--- DATA IN THIS EXERCISE Enclosed Below ---
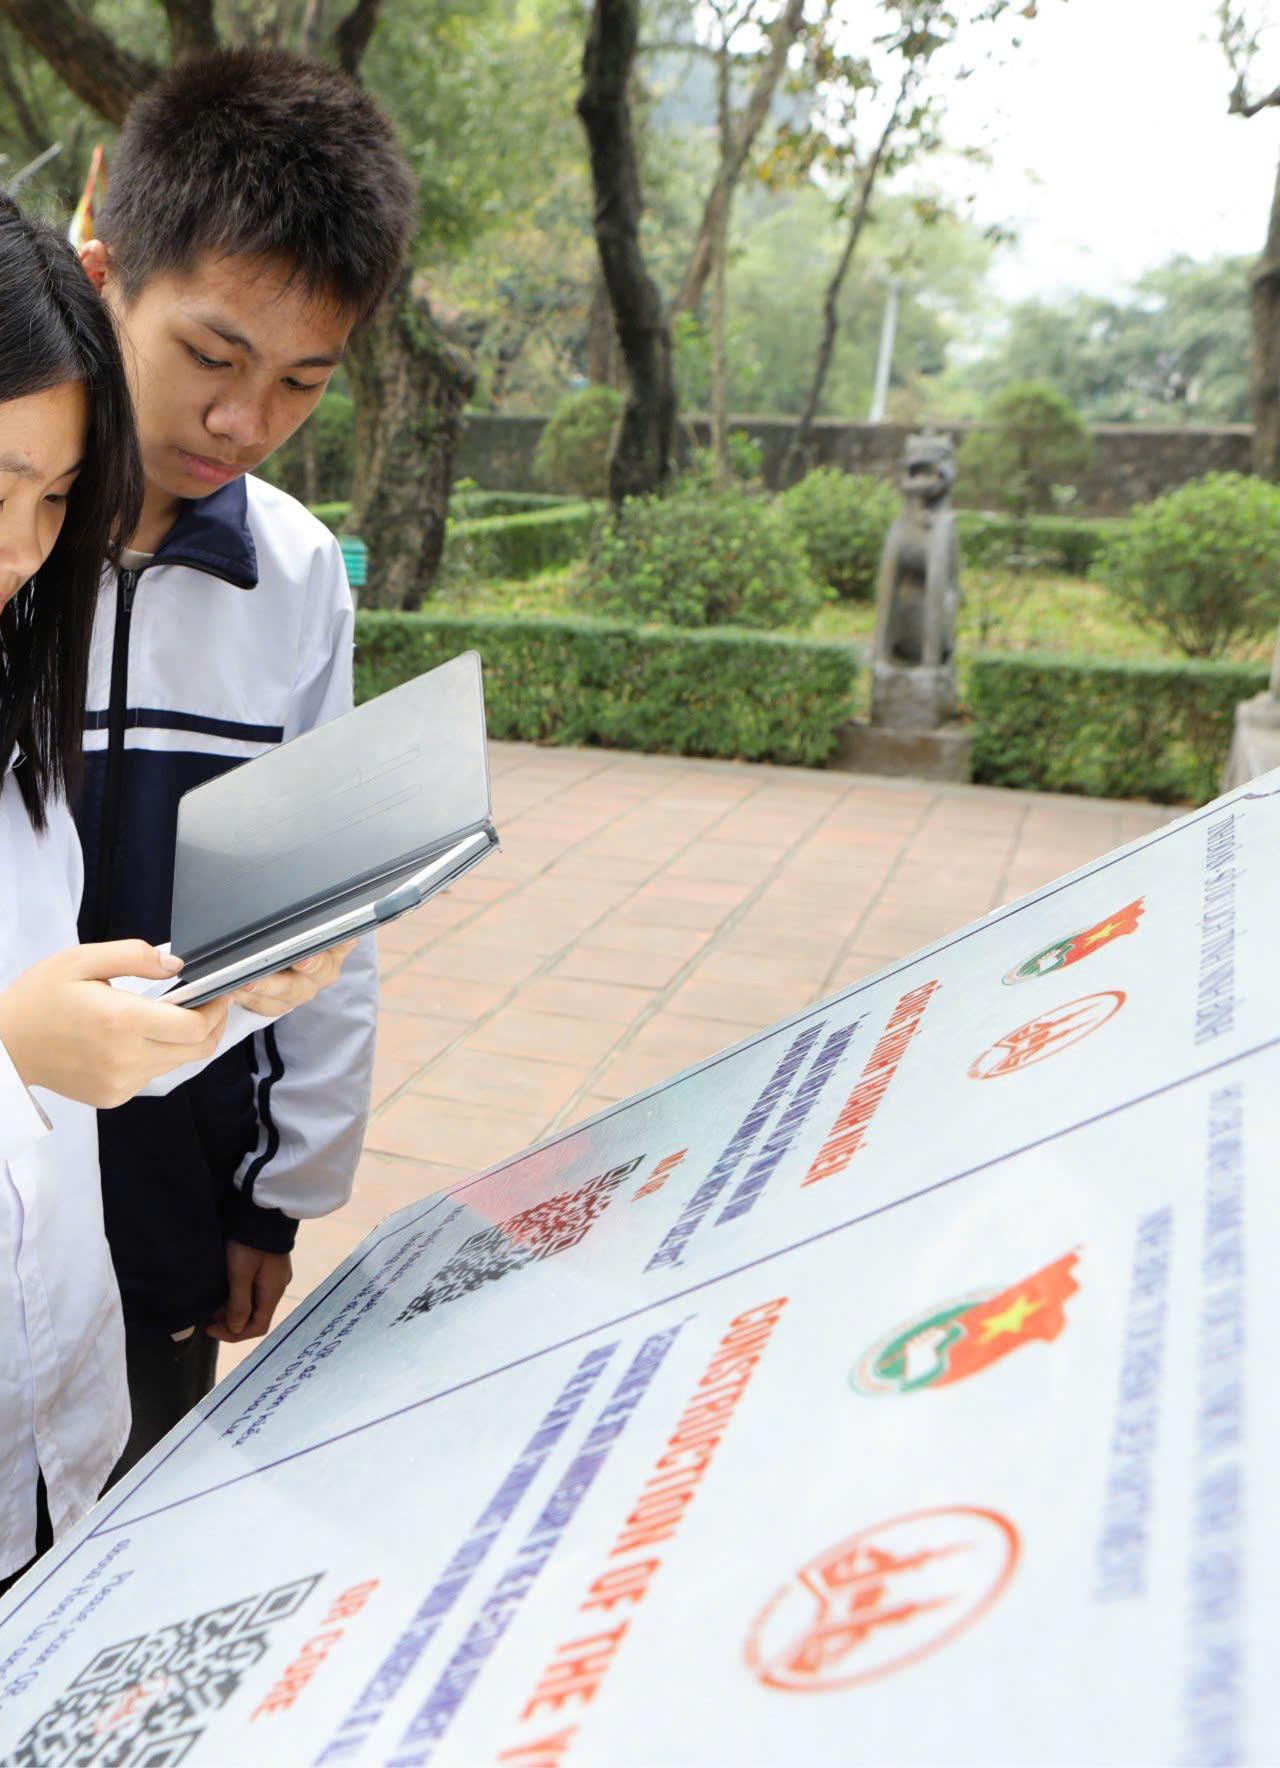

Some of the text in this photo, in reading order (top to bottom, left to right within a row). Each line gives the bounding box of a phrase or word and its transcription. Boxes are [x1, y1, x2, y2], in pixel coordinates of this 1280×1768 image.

[244, 1382, 282, 1415] Hoa
[609, 1296, 789, 1558] CONSTRUCTION
[578, 1558, 664, 1613] OF
[520, 1618, 632, 1723] THE
[497, 1723, 580, 1768] Y
--- End of Enclosed DATA IN THIS EXERCISE ---
WHAT IS NEEDED =>
Since the pictures are not part of the copy, transcribe only the remaining material, exactly.

RESPONSE TO THE TASK =>
Some of the text in this photo, in reading order (top to bottom, left to right within a row). Each line gives the bounding box of a phrase or word and its transcription. Boxes are [x1, y1, x2, y2], in pixel coordinates of this 1280×1768 image.

[244, 1382, 282, 1415] Hoa
[609, 1296, 789, 1558] CONSTRUCTION
[578, 1558, 664, 1613] OF
[520, 1618, 632, 1723] THE
[497, 1723, 580, 1768] Y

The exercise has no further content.